● **What the exercise asks**:
Write out exactly the lines running from the one with "this 1280×1440 image." to the last line of the entries, keeping both the first and the last.
━━━ Exercise input
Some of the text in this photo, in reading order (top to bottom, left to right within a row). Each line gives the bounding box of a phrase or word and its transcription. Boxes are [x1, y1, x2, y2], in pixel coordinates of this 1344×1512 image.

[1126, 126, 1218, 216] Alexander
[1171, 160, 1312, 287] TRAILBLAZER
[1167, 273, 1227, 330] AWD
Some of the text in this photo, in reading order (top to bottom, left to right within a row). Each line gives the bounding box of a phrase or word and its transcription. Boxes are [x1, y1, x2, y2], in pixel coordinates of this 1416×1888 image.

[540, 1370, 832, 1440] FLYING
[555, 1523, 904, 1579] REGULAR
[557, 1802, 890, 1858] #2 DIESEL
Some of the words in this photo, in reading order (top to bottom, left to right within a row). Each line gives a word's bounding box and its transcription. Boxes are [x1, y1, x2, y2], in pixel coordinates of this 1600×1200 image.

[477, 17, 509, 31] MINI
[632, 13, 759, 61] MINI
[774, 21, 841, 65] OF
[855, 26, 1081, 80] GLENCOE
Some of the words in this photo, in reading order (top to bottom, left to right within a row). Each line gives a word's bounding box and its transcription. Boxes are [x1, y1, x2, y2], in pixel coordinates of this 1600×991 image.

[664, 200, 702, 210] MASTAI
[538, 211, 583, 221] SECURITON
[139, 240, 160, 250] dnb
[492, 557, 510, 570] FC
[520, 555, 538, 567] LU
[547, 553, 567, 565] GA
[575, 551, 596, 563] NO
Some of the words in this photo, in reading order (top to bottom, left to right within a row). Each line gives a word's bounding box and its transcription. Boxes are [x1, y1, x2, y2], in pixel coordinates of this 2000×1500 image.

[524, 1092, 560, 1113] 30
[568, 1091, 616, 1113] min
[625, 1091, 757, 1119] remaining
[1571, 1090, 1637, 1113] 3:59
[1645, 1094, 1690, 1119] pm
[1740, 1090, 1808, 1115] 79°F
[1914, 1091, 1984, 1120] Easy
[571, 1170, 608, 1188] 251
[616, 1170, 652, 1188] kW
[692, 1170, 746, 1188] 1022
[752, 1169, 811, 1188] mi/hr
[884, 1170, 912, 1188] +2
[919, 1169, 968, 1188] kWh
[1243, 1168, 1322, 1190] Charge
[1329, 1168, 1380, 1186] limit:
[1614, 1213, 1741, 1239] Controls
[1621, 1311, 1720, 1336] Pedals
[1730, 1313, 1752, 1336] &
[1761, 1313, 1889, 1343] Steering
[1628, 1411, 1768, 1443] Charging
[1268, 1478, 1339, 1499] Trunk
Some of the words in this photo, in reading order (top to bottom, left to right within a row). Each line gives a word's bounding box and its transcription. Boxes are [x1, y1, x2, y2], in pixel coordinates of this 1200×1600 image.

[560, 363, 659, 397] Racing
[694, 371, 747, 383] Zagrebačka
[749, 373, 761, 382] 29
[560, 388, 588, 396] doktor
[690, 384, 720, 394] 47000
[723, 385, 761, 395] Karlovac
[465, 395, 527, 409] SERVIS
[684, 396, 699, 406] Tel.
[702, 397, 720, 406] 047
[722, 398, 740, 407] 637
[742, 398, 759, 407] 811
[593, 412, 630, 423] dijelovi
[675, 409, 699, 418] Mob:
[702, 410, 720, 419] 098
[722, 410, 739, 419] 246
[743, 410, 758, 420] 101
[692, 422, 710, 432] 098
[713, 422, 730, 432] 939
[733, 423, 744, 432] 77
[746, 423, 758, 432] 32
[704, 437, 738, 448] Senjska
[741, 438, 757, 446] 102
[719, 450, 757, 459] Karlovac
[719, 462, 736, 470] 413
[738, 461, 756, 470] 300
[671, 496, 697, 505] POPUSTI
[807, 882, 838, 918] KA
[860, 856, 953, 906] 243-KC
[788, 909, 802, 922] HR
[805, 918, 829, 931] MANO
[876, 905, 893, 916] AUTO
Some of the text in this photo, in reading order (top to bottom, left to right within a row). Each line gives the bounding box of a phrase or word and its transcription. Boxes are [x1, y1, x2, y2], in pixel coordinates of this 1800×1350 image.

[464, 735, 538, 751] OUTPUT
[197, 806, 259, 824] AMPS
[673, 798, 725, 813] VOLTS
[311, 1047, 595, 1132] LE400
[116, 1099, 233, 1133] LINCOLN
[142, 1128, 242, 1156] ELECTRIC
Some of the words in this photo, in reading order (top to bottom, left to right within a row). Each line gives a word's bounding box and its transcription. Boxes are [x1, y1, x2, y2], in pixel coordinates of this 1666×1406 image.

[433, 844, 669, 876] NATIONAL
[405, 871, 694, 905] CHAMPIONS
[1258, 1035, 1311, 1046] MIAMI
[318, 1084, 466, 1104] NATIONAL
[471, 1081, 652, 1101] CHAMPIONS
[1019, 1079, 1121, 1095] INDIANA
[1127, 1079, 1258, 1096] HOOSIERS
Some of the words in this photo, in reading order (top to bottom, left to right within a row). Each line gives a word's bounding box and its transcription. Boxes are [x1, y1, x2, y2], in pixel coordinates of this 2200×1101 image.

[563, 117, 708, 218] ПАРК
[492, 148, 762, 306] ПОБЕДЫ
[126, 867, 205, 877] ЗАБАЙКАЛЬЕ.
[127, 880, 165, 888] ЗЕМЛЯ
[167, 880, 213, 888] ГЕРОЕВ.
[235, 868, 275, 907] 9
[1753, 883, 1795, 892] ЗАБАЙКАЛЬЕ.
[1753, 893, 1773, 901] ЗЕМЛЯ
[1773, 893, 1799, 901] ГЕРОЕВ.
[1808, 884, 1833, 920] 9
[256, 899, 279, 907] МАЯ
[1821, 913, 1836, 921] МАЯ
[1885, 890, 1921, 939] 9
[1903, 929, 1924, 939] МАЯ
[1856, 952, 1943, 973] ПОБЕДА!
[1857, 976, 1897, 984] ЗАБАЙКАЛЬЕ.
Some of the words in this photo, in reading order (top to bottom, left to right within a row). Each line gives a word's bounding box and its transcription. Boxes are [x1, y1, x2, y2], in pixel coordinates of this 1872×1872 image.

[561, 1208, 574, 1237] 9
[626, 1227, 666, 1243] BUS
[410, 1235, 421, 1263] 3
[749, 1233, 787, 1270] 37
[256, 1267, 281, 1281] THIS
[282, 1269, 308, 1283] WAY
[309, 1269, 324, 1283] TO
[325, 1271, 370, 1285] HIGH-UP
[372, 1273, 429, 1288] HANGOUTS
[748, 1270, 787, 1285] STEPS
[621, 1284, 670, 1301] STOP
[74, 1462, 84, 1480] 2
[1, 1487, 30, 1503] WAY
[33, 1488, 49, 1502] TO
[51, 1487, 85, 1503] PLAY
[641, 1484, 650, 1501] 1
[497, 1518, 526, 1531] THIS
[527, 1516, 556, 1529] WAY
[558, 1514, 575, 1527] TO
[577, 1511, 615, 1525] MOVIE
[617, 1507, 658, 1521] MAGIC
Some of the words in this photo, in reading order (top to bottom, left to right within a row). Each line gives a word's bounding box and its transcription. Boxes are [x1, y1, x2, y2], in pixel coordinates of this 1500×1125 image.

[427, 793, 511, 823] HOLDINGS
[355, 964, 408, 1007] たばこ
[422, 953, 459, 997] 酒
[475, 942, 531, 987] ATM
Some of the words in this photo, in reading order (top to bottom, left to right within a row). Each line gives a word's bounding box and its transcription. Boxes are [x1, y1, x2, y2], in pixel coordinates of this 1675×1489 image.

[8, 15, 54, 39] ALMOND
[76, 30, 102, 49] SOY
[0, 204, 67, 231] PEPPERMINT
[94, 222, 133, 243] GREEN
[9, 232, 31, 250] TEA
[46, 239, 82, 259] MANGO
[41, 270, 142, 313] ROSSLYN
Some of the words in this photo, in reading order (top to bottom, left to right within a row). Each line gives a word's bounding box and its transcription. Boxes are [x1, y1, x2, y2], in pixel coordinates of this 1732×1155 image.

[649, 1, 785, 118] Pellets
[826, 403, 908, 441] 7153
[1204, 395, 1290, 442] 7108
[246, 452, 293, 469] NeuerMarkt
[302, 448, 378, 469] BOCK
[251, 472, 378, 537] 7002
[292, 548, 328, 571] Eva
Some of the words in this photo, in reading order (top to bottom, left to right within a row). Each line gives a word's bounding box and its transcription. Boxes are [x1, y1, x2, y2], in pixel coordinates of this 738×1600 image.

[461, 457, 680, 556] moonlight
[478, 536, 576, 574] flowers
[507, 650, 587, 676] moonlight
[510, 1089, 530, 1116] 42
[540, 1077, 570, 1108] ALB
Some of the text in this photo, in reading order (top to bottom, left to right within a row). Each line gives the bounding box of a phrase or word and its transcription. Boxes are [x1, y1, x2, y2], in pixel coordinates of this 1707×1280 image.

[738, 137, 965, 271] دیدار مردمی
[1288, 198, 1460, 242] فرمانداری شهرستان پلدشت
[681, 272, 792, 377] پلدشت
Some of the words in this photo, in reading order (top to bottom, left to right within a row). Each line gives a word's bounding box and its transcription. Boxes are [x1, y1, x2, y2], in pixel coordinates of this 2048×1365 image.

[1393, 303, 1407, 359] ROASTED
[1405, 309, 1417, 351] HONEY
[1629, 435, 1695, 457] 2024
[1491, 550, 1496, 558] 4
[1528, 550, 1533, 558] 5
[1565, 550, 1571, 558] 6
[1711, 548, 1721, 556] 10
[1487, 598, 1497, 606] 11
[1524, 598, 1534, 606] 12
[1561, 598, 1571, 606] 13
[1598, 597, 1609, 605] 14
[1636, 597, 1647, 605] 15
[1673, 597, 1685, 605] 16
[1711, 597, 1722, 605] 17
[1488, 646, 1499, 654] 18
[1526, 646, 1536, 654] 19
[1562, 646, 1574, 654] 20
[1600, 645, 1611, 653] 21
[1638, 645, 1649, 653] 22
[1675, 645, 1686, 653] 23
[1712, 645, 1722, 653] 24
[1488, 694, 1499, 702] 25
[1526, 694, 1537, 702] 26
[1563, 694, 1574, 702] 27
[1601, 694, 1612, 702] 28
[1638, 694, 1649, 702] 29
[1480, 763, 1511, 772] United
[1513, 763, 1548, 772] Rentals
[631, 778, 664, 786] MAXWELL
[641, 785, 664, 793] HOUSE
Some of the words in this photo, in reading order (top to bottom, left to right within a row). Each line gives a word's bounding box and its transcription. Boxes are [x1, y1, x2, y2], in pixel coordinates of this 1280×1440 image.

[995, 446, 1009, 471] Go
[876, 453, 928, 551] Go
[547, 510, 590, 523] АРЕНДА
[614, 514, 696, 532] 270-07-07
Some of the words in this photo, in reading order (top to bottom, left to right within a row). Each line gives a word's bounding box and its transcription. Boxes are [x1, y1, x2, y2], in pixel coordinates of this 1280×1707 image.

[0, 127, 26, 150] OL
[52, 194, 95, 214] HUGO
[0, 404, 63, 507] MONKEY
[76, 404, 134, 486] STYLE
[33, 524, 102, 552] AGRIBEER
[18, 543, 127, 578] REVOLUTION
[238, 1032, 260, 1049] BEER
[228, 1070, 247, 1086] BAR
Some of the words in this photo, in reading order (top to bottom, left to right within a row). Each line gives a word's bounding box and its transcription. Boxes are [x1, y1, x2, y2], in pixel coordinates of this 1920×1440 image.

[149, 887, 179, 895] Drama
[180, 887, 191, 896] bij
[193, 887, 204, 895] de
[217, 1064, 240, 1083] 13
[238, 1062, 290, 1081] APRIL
━━━━━━
● **Your solution**:
Some of the words in this photo, in reading order (top to bottom, left to right within a row). Each line gives a word's bounding box and its transcription. Boxes are [x1, y1, x2, y2], in pixel coordinates of this 1280×1440 image.

[995, 446, 1009, 471] Go
[876, 453, 928, 551] Go
[547, 510, 590, 523] АРЕНДА
[614, 514, 696, 532] 270-07-07
Some of the words in this photo, in reading order (top to bottom, left to right within a row). Each line gives a word's bounding box and its transcription. Boxes are [x1, y1, x2, y2], in pixel coordinates of this 1280×1707 image.

[0, 127, 26, 150] OL
[52, 194, 95, 214] HUGO
[0, 404, 63, 507] MONKEY
[76, 404, 134, 486] STYLE
[33, 524, 102, 552] AGRIBEER
[18, 543, 127, 578] REVOLUTION
[238, 1032, 260, 1049] BEER
[228, 1070, 247, 1086] BAR
Some of the words in this photo, in reading order (top to bottom, left to right within a row). Each line gives a word's bounding box and its transcription. Boxes are [x1, y1, x2, y2], in pixel coordinates of this 1920×1440 image.

[149, 887, 179, 895] Drama
[180, 887, 191, 896] bij
[193, 887, 204, 895] de
[217, 1064, 240, 1083] 13
[238, 1062, 290, 1081] APRIL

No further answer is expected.